Amid its darkness, with those fetter'd limbs?
Mad Pagans! do ye thus requite the man
Who toils for your salvation?
                                                See that form
Bending in tenderest sympathy to soothe
The victim's sorrow. Tardy months pass by,
And find her still intrepid at the post
Of danger and of disappointed hope.
Stern sickness smote her, yet with tireless zeal,
She bore the hoarded morsel to her love,
Dar'd the rude arrogance of savage power,
To plead for him, and bade his dungeon glow,
With her fair brow, as erst the angel's smile
Arous'd imprison'd Peter, when his hands
From fetters loos'd, were lifted high in praise.
—There was another scene, drawn by his hand
Whose icy pencil blotteth out the grace
And loveliness of man.
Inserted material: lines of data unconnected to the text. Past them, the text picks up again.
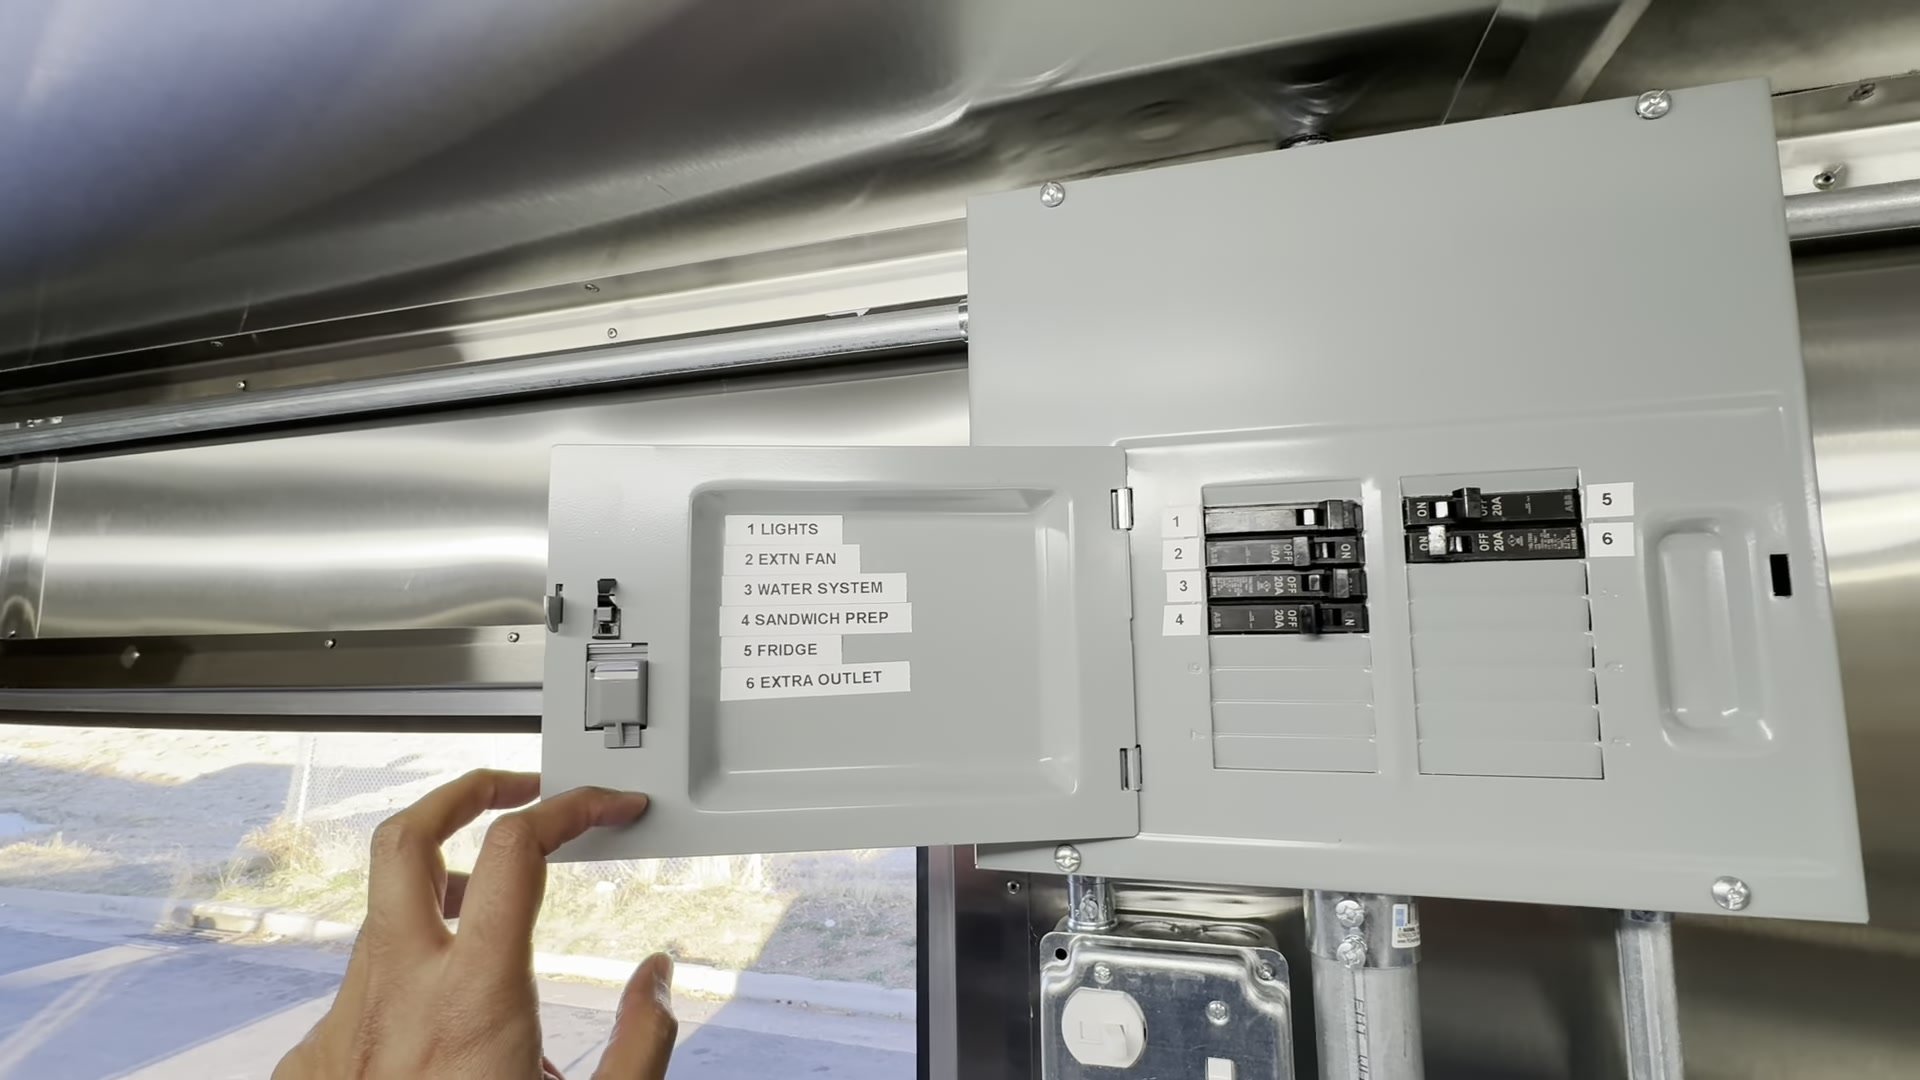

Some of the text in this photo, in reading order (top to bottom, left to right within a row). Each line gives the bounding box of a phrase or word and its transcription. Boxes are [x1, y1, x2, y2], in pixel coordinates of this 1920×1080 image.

[1491, 497, 1503, 516] 20A
[1602, 492, 1613, 506] 5
[1416, 501, 1427, 517] ON
[1172, 515, 1179, 527] 1
[747, 523, 819, 535] 1 LIGHTS
[1419, 536, 1429, 551] ON
[1478, 533, 1490, 552] OFF
[1492, 531, 1505, 552] 20A
[1602, 532, 1613, 545] 6
[1174, 547, 1183, 560] 2
[1270, 544, 1280, 563] 20A
[1283, 544, 1293, 562] OFF
[1340, 543, 1352, 559] ON
[744, 552, 837, 566] 2 EXTN FAN
[744, 581, 883, 596] 3 WATER SYSTEM
[1179, 580, 1188, 592] 3
[1273, 576, 1284, 596] 20A
[1286, 576, 1297, 594] OFF
[741, 611, 889, 626] 4 SANDWICH PREP
[1175, 613, 1184, 625] 4
[1274, 610, 1285, 629] 20A
[1287, 610, 1298, 628] OFF
[1344, 611, 1356, 626] ON
[743, 643, 818, 657] 5 FRIDGE
[746, 670, 882, 689] 6 EXTRA OUTLET
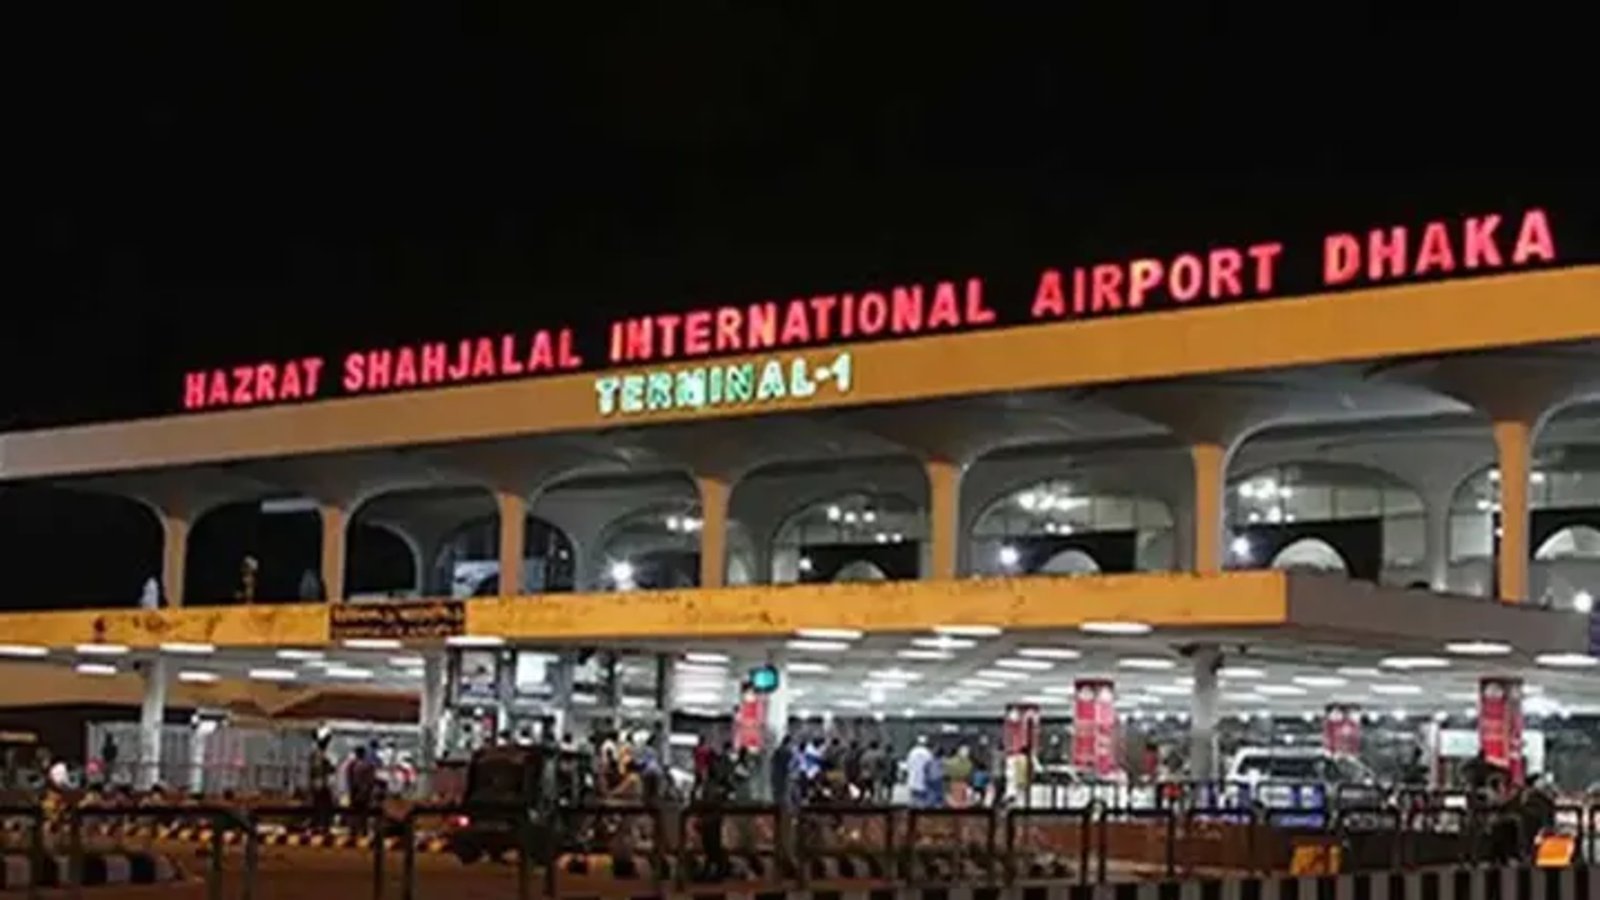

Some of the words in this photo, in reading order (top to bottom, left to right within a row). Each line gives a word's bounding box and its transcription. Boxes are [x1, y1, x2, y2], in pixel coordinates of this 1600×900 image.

[184, 357, 322, 408] HAZRAT
[343, 329, 582, 391] SHAHJALAL
[610, 279, 995, 363] INTERNATIONAL
[1032, 243, 1282, 316] AIRPORT
[1324, 209, 1555, 285] DHAKA
[595, 352, 851, 414] TERMINAL-1
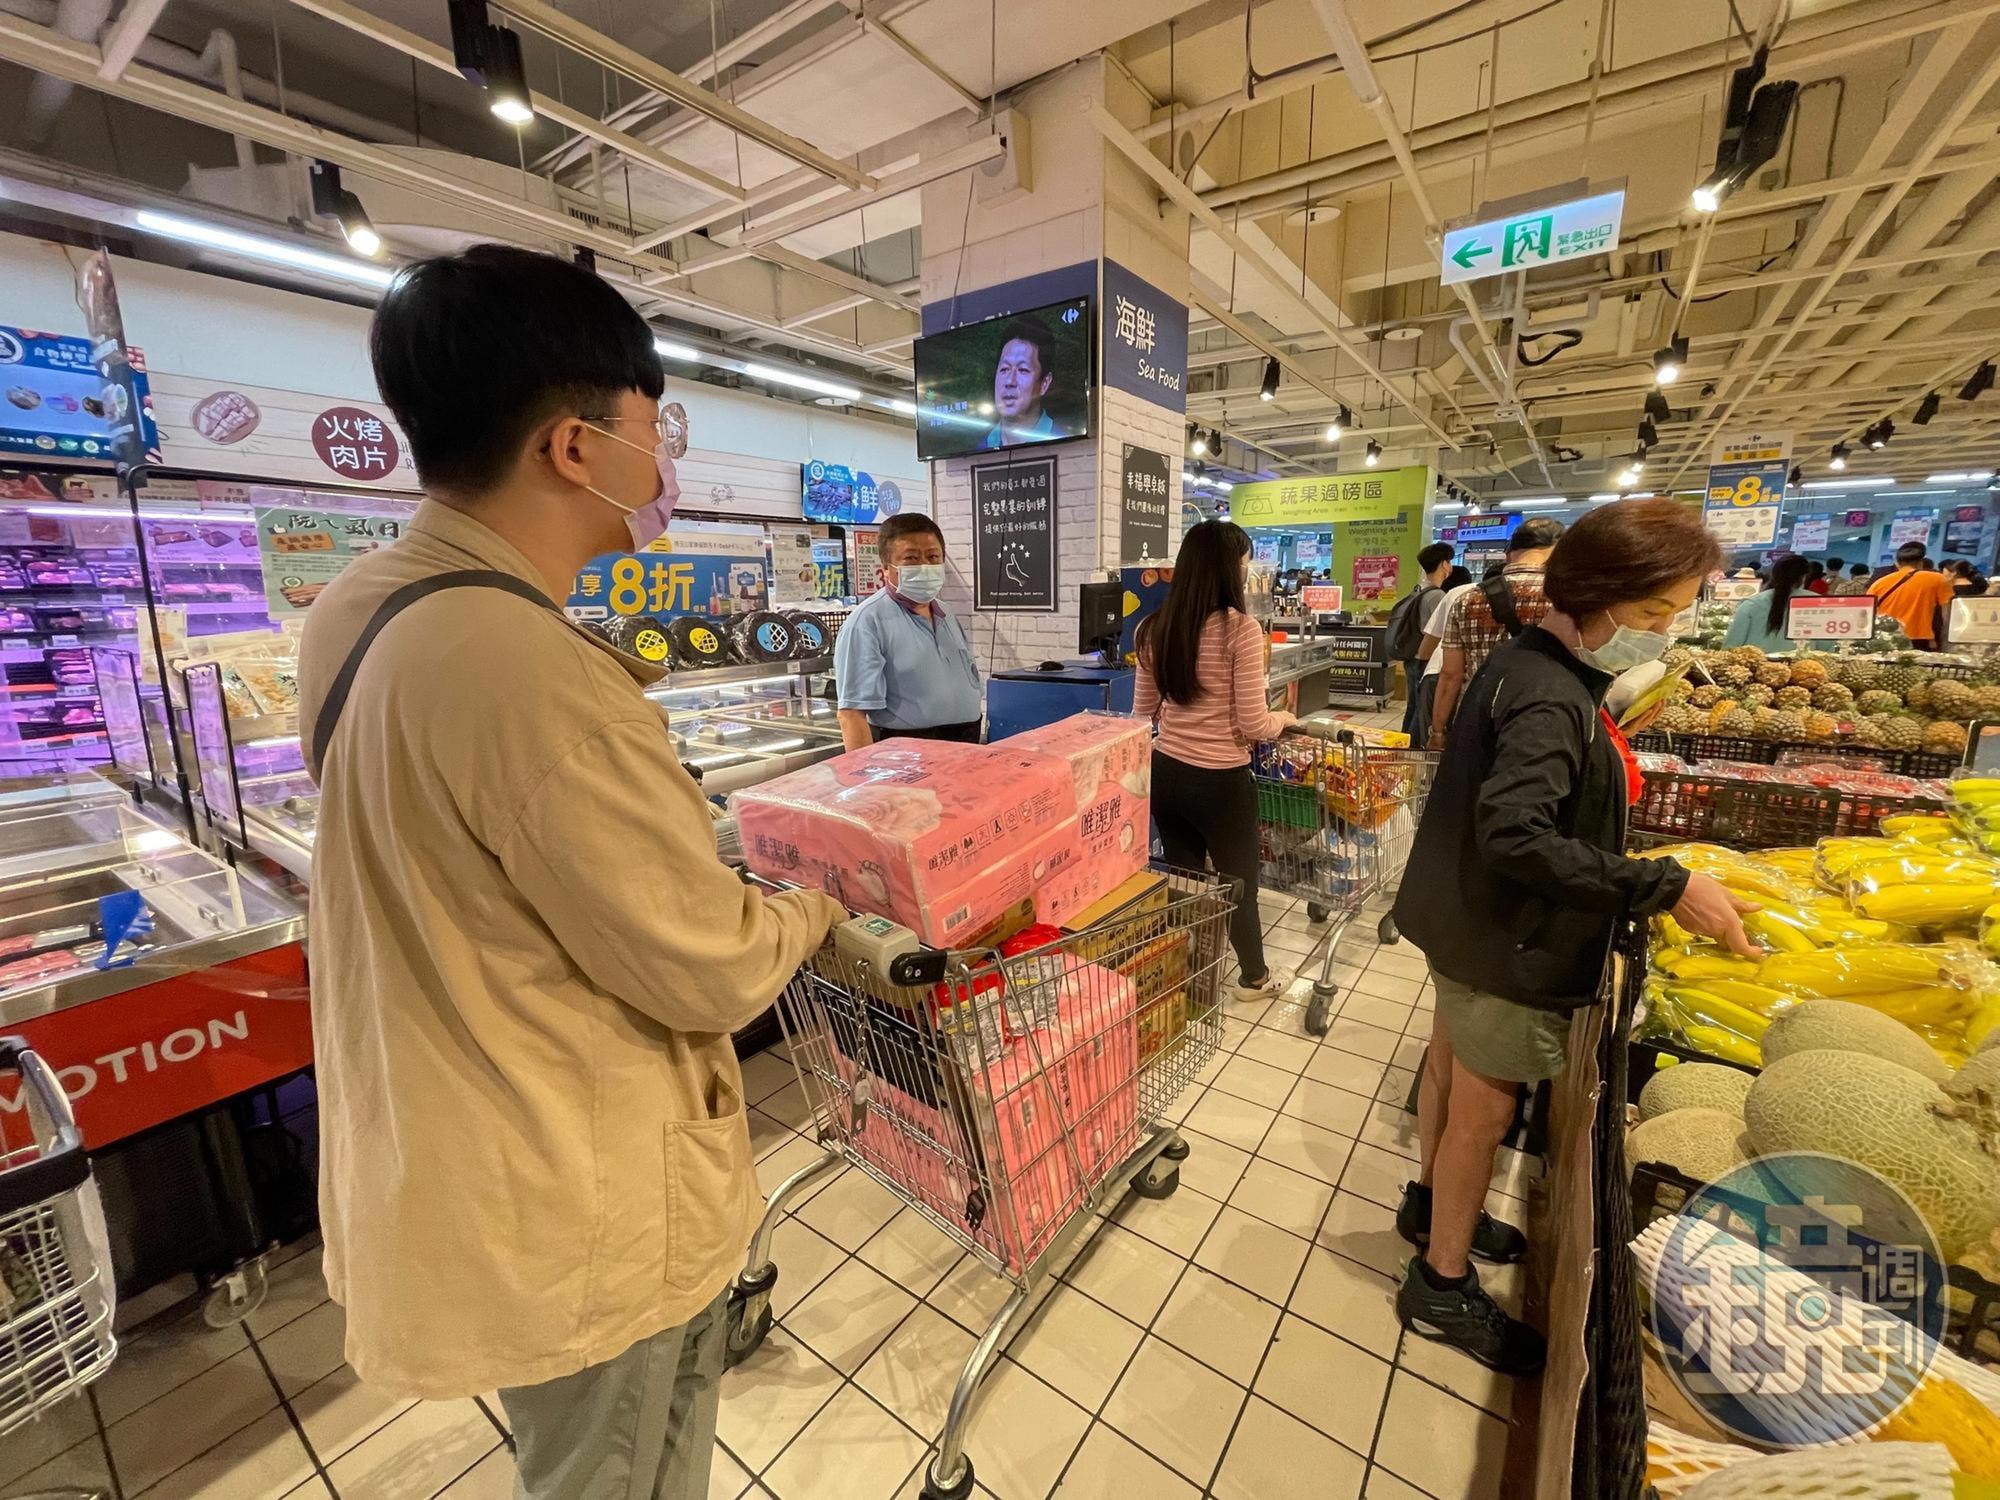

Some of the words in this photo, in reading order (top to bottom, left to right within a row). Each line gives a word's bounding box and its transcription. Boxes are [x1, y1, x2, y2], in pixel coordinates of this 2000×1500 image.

The keenest shaft
Of anguish quivers in that martyr's breast,
Who is about to wash her garments white
In her Redeemer's blood, and glorious rise
From earthly sorrows to a clime of rest.
—Dark Burman faces are around her bed,
And one pale babe is there, for whom she checks
The death-groan, clasping it in close embrace,
Even till the heart-strings break.
                                                 Behold, he comes!
The wearied man of God from distant toil.
His home, while yet a misty speck it seems,
His straining eye detects, but marks no form
Of his beloved, hasting down the vale,
As wont, to meet him.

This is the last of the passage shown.